If the Fracture Propagation Pressure is Known?
Case 1: When you know the fracture propagation pressure, compare it with the formation face pressure. Be certain to consider poroelastic and thermoelastic effects.
When the relevant propagation pressure is known, for example, from a step-rate test, identifying whether the well is experiencing matrix or fracture injection requires calculation of the formation face injection pressure and comparing this pressure with the fracture closure stress (or equivalent). Remember that the pressures required to reopen, initiate, maintain open and/or propagate the fracture can change with changes in stress near the wellbore (or around a pre-existing fracture) due to poroelastic effects and due to temperature changes associated with injection of fluid at a temperature that is different from the static reservoir temperature.
If the formation face pressure (i.e., downstream of the completion) is greater than the pressure required to extend the fracture (or initiate a fracture if one does not already exist), the injection is occurring under fracturing conditions. If the fracture is stagnant, it is injecting under matrix conditions (as is also the trivial case where a fracture has not been initiated).
The Wellbore Hydraulics tool and the radial damage model, PWRAD, should be used in analyzing injection data to identify the relevant pressure (formation face - not bottomhole and NOT wellhead).

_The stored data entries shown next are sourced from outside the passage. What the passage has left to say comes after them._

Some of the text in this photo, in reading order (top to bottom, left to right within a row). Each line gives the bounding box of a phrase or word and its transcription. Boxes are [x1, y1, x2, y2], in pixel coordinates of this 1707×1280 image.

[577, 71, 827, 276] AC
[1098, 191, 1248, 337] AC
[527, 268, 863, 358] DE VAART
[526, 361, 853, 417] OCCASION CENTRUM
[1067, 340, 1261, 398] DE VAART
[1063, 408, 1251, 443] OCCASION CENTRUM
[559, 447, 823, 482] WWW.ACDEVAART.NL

If the Closure Stress is Known?
Case 2: If closure pressure or far-field stress is known, compare the formation face pressure with the closure pressure. Be certain to consider poroelastic and thermoelastic effects..
When the fracture closure pressure or far-field stress is known, you may need to estimate fracture propagation pressure from far-field stress and fracture size. For sizable fractures in produced water injection applications, hydraulic fracturing simulation often shows that the net pressure may be small, and, for most formations, you can assume that the propagation pressure is fairly close to the in-situ stress. However, thermal stresses and poroelastic stress effects on fracture propagation pressure must be incorporated in estimating fracture propagation pressure.

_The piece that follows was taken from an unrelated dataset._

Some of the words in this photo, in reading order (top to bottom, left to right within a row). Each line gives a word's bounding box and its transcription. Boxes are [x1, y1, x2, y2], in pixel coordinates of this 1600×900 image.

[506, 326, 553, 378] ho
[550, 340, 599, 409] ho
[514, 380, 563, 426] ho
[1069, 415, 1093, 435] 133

Some very rough guidelines (based on Sponsor experience) are available. For every foot of additional fracture length the injection pressure will increase by approximately 2 psi for a 100 md formation and 3 psi for a 1 darcy formation. Use the Multilateral/Multilayer Injection tool to estimate these effects.

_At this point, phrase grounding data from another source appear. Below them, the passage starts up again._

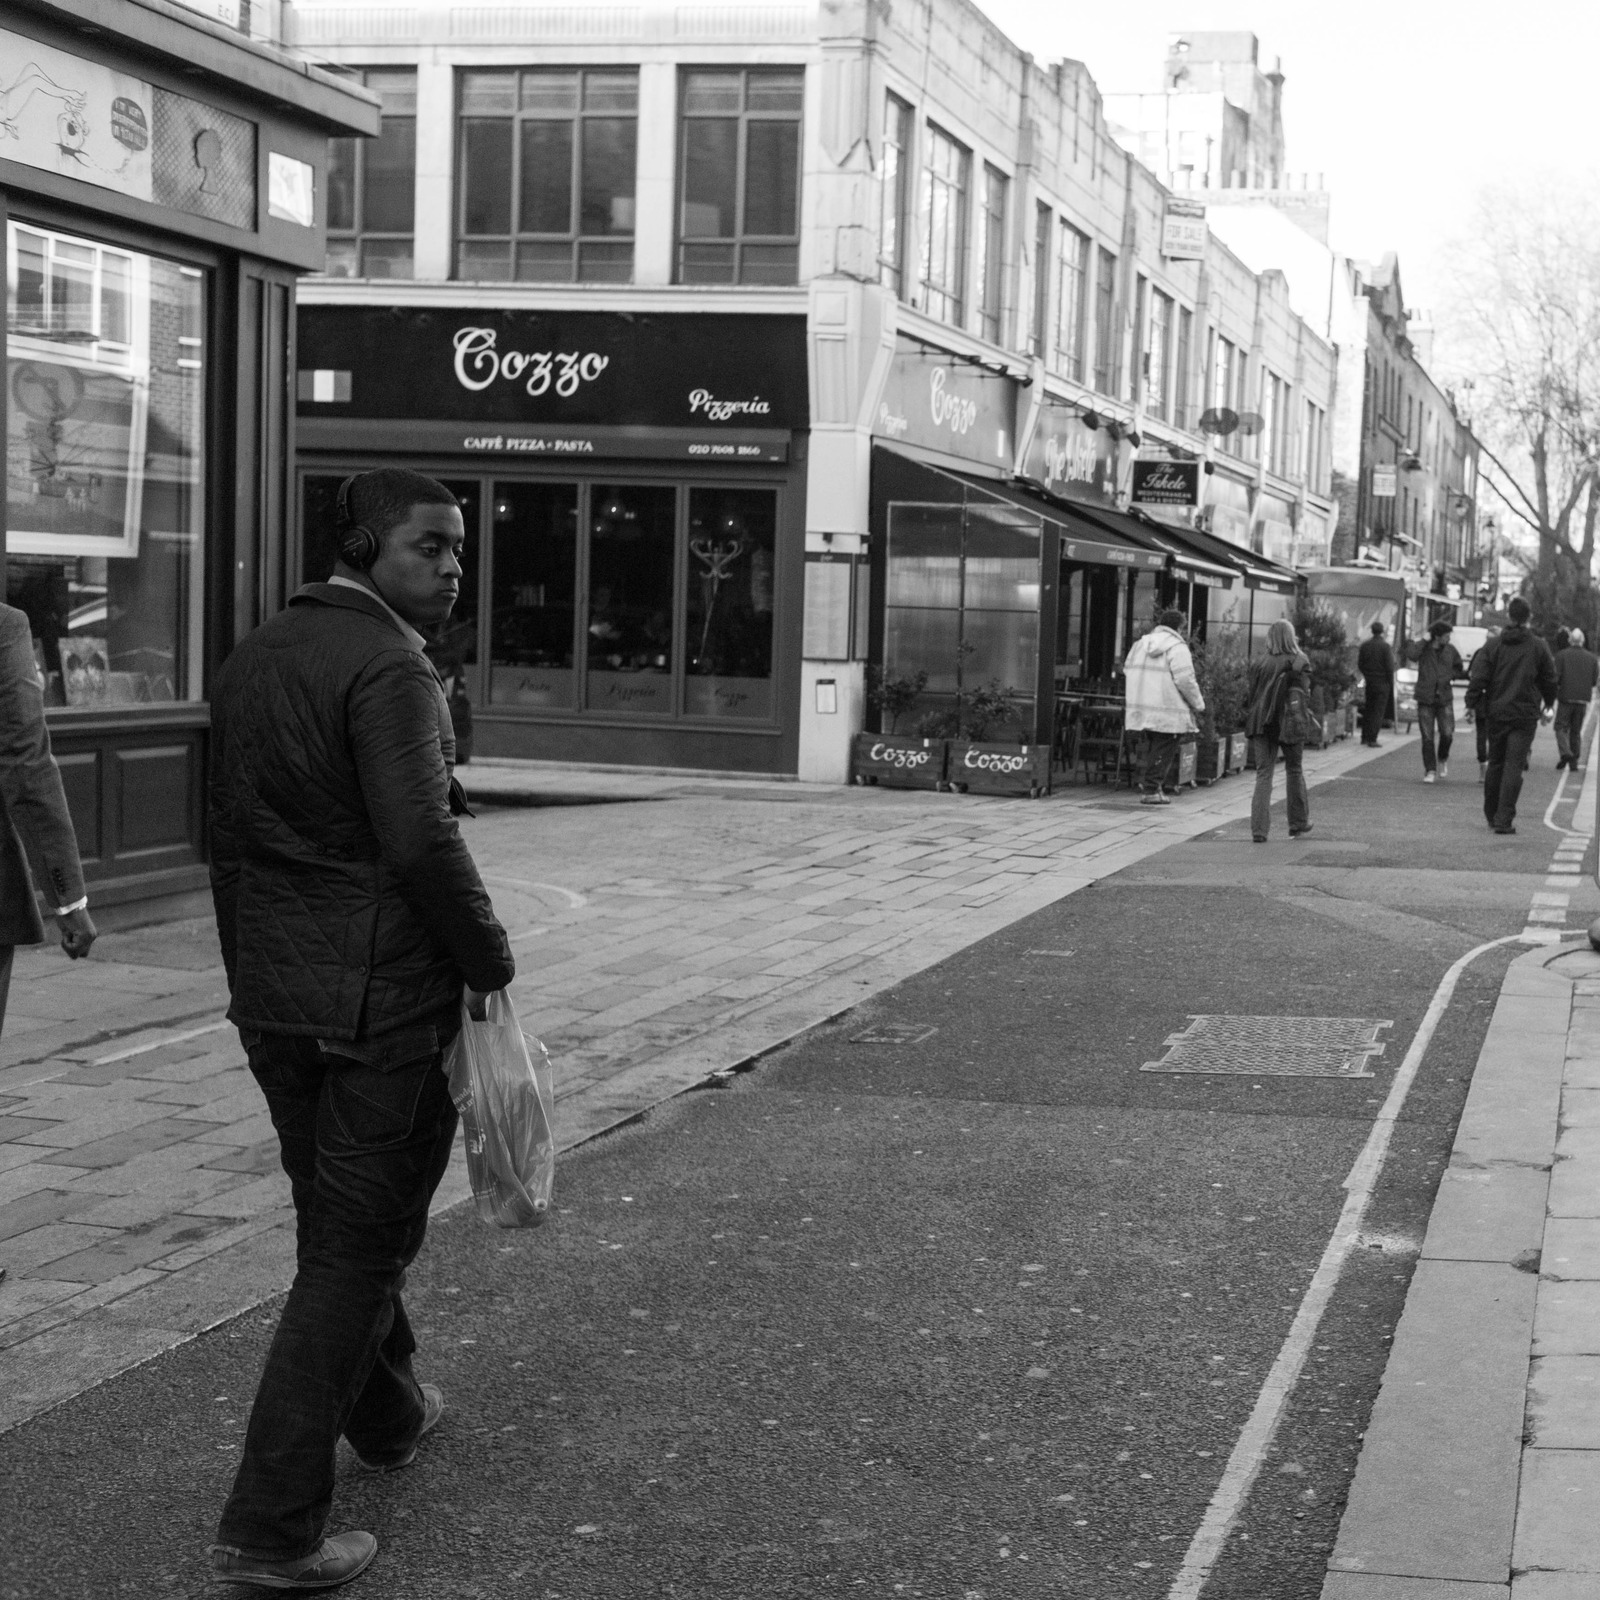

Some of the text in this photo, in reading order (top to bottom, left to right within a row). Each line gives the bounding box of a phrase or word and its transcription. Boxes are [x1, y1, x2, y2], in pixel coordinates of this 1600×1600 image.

[453, 326, 609, 397] Cozzo
[688, 388, 770, 420] Pizzeria
[930, 366, 977, 435] Cozzo
[506, 438, 546, 451] PIZZA
[554, 439, 594, 452] PASTA
[1155, 463, 1175, 473] The
[870, 742, 932, 768] Cozzo
[964, 745, 1028, 773] Cozzo

If there is No Stress Information?
Case 3: If you have no reliable stress information, with which to compare the formation face pressure, either measure it specifically (refer to Step Rate Testing in Monitoring) or, at the very least, attempt to infer performance from historical rate-pressure data.
Figure 1: This is a plot of the formation face pressure with rate for Well NAM-1. In this plot, it is important not to draw too many conclusions on early time data because there was a non-return valve in line and friction may not have been adequately represented.
Figure 2: This is a plot of the formation face pressure with rate for Well NAM-1, showing all of the data after the NRV had been removed.
Stress Changes Due to Pressure and Temperature Changes in the Reservoir
Recommendation 1: Wherever possible account for stress changes due to poroelastic and thermoelastic effects.
If the far- or near-field pore pressure changes (either due to voidage effects) or simply due to the fluid leaving the wellbore or fracture, the in-situ stresses acting on the fracture will change. An increase in pressure leads to an increase in stress and vice versa. Similar effects arise due to temperature changes in the reservoir caused by injecting a fluid that is at a temperature that is different from the reservoir itself. Figure 3 is an excellent example, from a produced water injection pilot.
Figure 3: An example of the variation in stresses near a wellbore for injection of different temperature fluids - from a North Sea PWRI pilot.